I am uncertain of what scores to assign to various conditions, however. This is what I want help with. To see an example, consider GNU Chess.
Here is my outline for what scores could possibly be, with vague reasoning:
Pokemon should be worth a large value of points (larger than anything else). Going from 6 Pokemon to 5 Pokemon should cause the player to lose fewer points than going from 3 Pokemon to 2 Pokemon.
Entry hazards should be worth less points. Stealth Rock is generally worth the most, then the order of Spikes vs. Toxic Spikes depends on opposing team. The first layer of Spikes is worth more than the second or third (twice as much, based on the damage it does). The value of Spikes and Stealth Rock should decrease with fewer opposing Pokemon, dropping to 0 when the foe is on their last Pokemon (or when all remaining Pokemon are immune). The value of Toxic Spikes should decrease with fewer opposing Pokemon that are not already statused (with permanent status like paralysis and poison lowering the value more than temporary status like sleep and freeze), but not dropping to 0 when all foes are statused due to things like Rest, Natural Cure, and Aromatherapy. The value should be 0 when the foe has 1 Pokemon remaining or all remaining Pokemon are immune.
PP should be given very little weight initially. However, the weight should increase very quickly when the PP gets very low (if two games are equal except in one the foe has a move with 0 PP instead of 4 and the AI has a move with 20 PP instead of 24, that should be a fairly large win for the AI). Perhaps this could be accomplished by giving a penalty for any move with "low" PP.

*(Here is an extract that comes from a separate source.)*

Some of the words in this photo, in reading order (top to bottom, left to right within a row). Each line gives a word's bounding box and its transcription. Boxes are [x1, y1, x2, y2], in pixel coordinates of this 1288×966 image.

Pokemon should be given a penalty based on how much damage they've taken, with preference given to more damage on one Pokemon instead of little damage spread out again all Pokemon, in general. However, Pokemon should be given a boost if they have things like Blaze activated, or if they have Reversal / Flail / Endeavor.

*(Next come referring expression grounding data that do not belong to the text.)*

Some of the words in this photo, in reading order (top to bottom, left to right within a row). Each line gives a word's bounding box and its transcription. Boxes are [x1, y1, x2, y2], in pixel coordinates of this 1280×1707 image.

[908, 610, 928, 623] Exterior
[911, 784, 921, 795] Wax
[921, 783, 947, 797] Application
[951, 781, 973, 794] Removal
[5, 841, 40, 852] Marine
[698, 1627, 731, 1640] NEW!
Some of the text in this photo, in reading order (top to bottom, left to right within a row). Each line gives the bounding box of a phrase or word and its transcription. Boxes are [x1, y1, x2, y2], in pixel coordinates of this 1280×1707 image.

Pokemon match up seems like it should be part of it, as well, but an evaluation function should be fast. I don't know of a fast way to determine which Pokemon has the advantage in a 1v1 match-up. I'm also completely unsure how to handle weather. Trick Room, Fog, Gravity, Uproar, Hail, Sun, Sand, and Rain all influence both sides of the battle. Perhaps I could do something like look at type-match ups and stats. If a water Pokemon is out during rain, give it a bonus, if a Fire Pokemon is out vs. a Grass Pokemon, give it a bonus sort of thing.
Pokemon should also be penalized for status, various conditions, etc.

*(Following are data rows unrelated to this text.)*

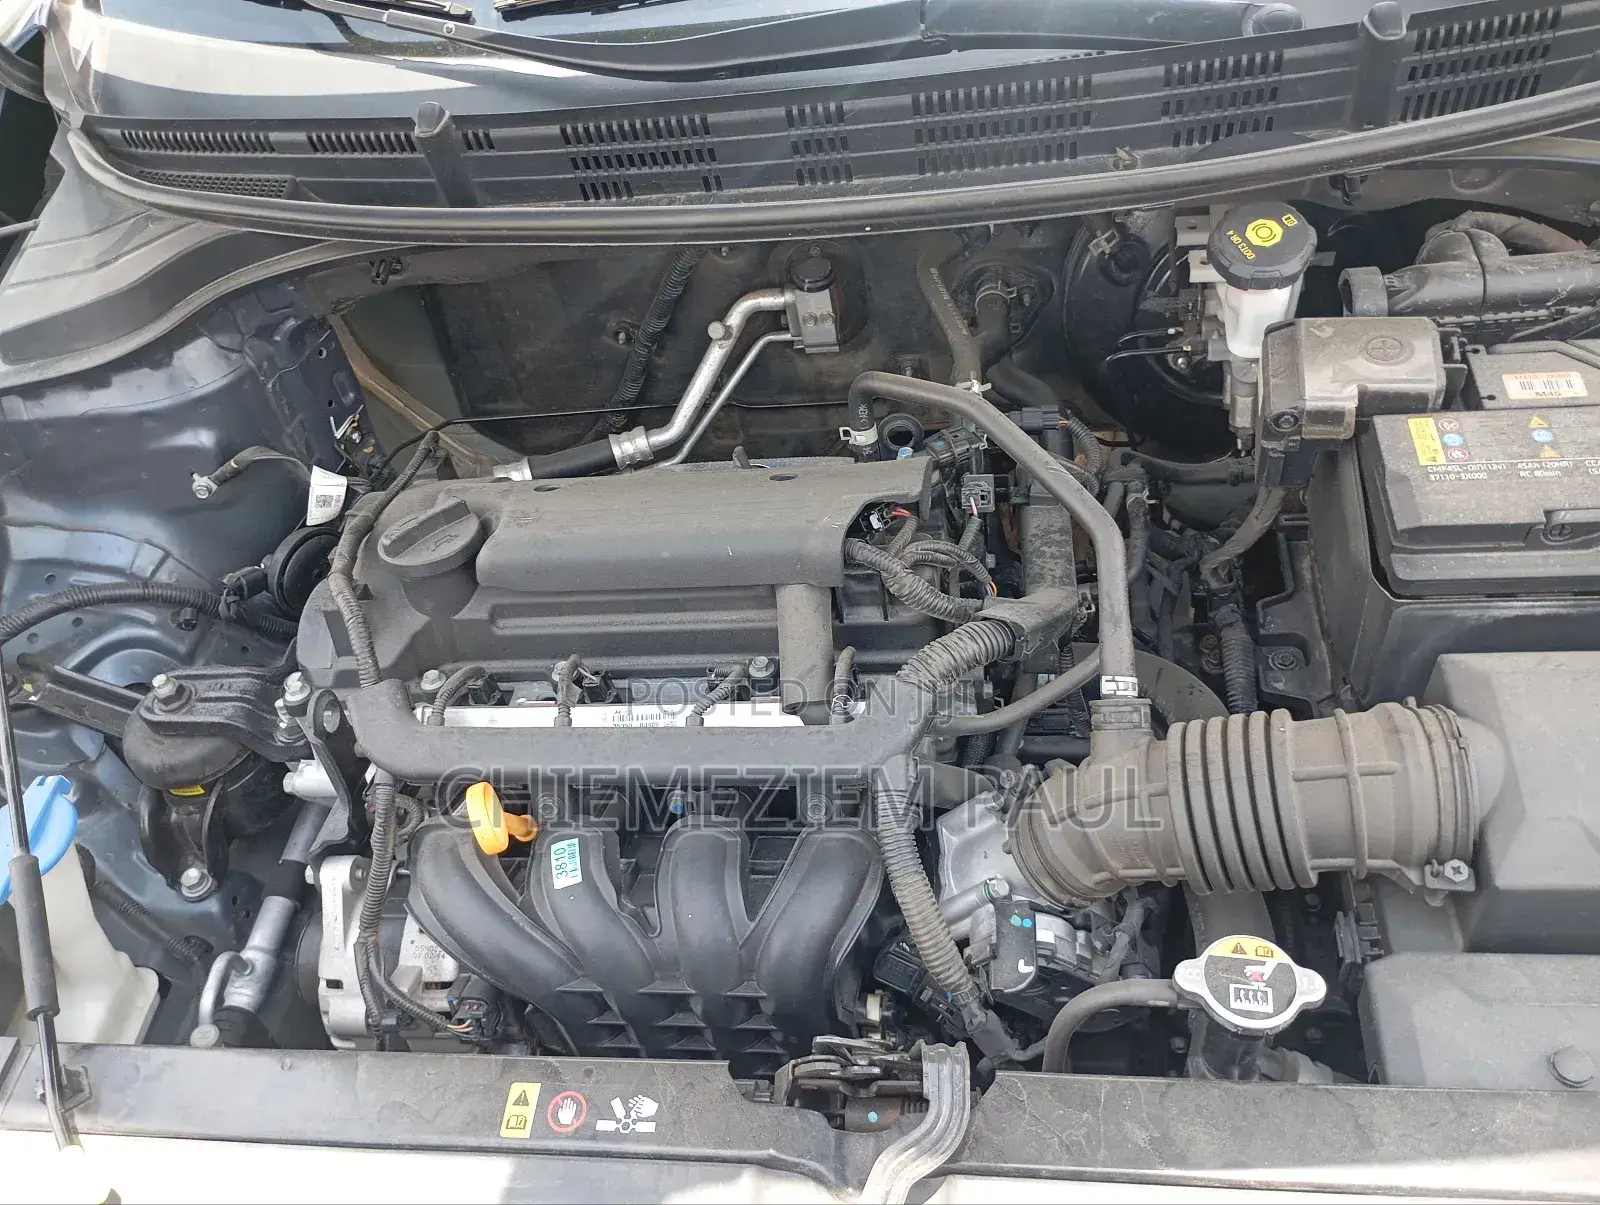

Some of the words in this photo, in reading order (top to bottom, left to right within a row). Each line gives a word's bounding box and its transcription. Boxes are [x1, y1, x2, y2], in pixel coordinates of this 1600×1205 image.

[1230, 234, 1242, 245] OR
[1239, 243, 1256, 260] DOT3
[1517, 461, 1540, 469] 45Ah
[1542, 460, 1573, 468] (20HR)
[1519, 470, 1533, 478] RC
[1534, 469, 1562, 477] 80min
[555, 847, 567, 880] 3810

What's more, the game does not start out with the score at 0 (an even match up). As an example, a team of 6 Suicune is likely in a good position against a team of 6 Entei. However, at the very start of the game, all the information the AI has is information about the lead Pokemon. The score of the game should depend on team match ups, but I'm not sure how to quickly decide which team has the advantage over the other.
In other words, I have a vague idea of how things should be scored, but I need actual numbers. They don't need to be exact: I can fiddle with them later. I'm just looking for a relatively close estimate of how valuable various things are.